▸ What you will do: The answer must repeat every record exactly, with no pictures in it.

"""

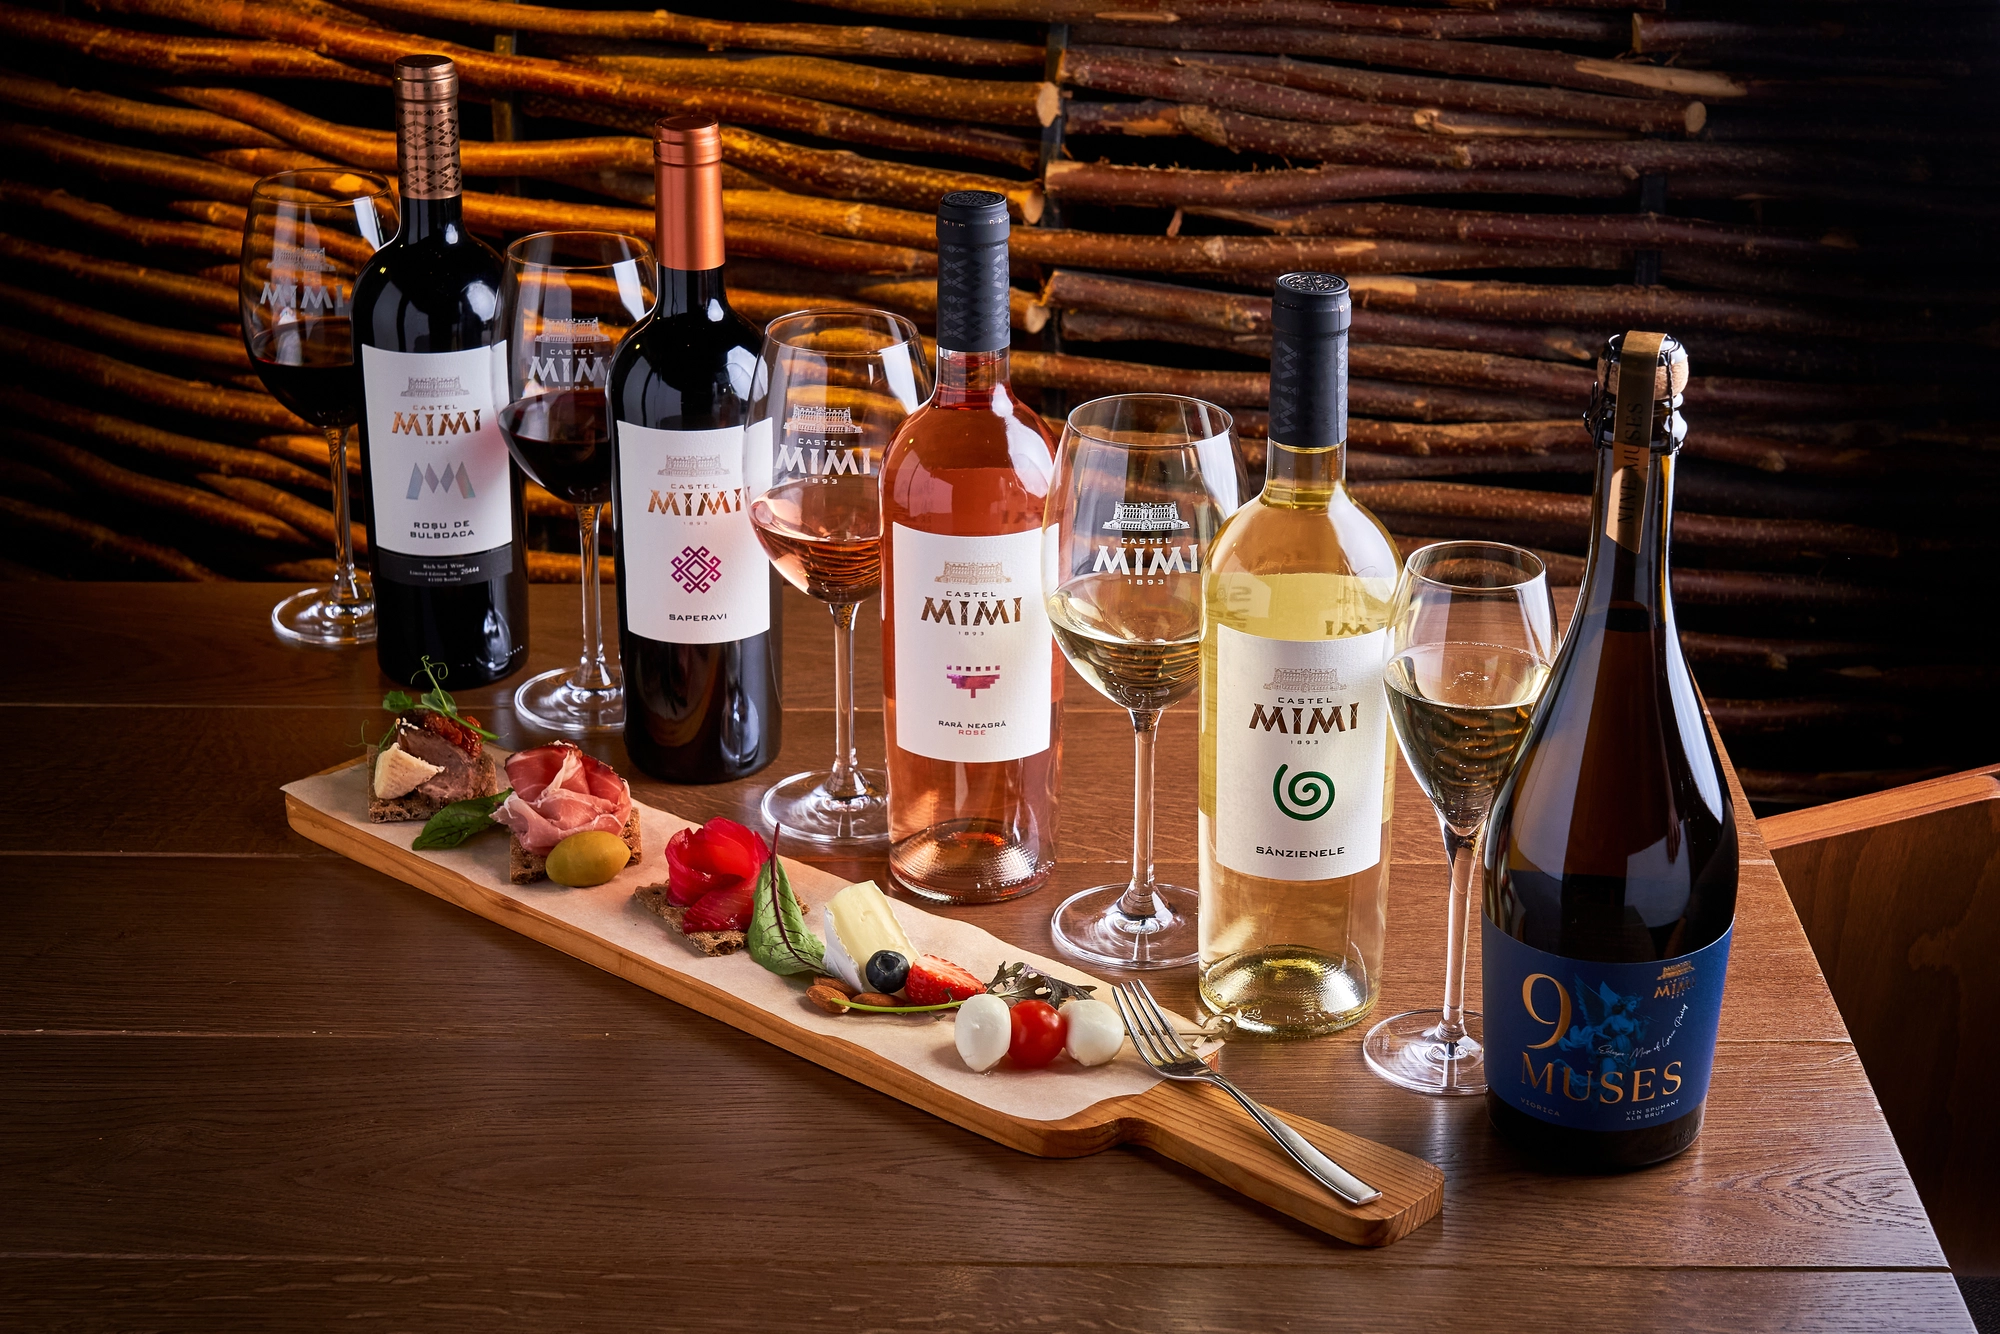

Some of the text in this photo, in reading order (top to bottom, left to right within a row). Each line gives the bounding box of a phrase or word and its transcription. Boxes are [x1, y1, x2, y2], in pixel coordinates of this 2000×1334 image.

[260, 282, 344, 309] MIMI
[549, 348, 595, 356] CASTEL
[527, 356, 607, 383] MIM
[391, 408, 481, 437] MIMI
[798, 437, 845, 447] CASTEL
[1623, 402, 1643, 472] MUSES
[774, 443, 871, 476] MIMI
[803, 477, 838, 485] 1893
[647, 487, 742, 516] MIMI
[1617, 477, 1637, 525] NINE
[410, 530, 475, 539] BULBOACA
[454, 520, 470, 528] DE
[1121, 537, 1172, 545] CASTEL
[1092, 544, 1199, 576] MIMI
[668, 613, 727, 622] SAPERAVI
[920, 596, 1023, 626] MIMI
[1277, 697, 1332, 705] CASTEL
[1248, 701, 1360, 735] MIMI
[1255, 845, 1345, 859] SÂNZIENELE
[1521, 972, 1572, 1050] 9
[1520, 1051, 1683, 1105] MUSES
[1520, 1097, 1561, 1117] VIORICA
[1644, 1109, 1665, 1119] BRUT
[1645, 1099, 1680, 1113] SPUMANT

"""

▸ Written answer:
Some of the text in this photo, in reading order (top to bottom, left to right within a row). Each line gives the bounding box of a phrase or word and its transcription. Boxes are [x1, y1, x2, y2], in pixel coordinates of this 2000×1334 image.

[260, 282, 344, 309] MIMI
[549, 348, 595, 356] CASTEL
[527, 356, 607, 383] MIM
[391, 408, 481, 437] MIMI
[798, 437, 845, 447] CASTEL
[1623, 402, 1643, 472] MUSES
[774, 443, 871, 476] MIMI
[803, 477, 838, 485] 1893
[647, 487, 742, 516] MIMI
[1617, 477, 1637, 525] NINE
[410, 530, 475, 539] BULBOACA
[454, 520, 470, 528] DE
[1121, 537, 1172, 545] CASTEL
[1092, 544, 1199, 576] MIMI
[668, 613, 727, 622] SAPERAVI
[920, 596, 1023, 626] MIMI
[1277, 697, 1332, 705] CASTEL
[1248, 701, 1360, 735] MIMI
[1255, 845, 1345, 859] SÂNZIENELE
[1521, 972, 1572, 1050] 9
[1520, 1051, 1683, 1105] MUSES
[1520, 1097, 1561, 1117] VIORICA
[1644, 1109, 1665, 1119] BRUT
[1645, 1099, 1680, 1113] SPUMANT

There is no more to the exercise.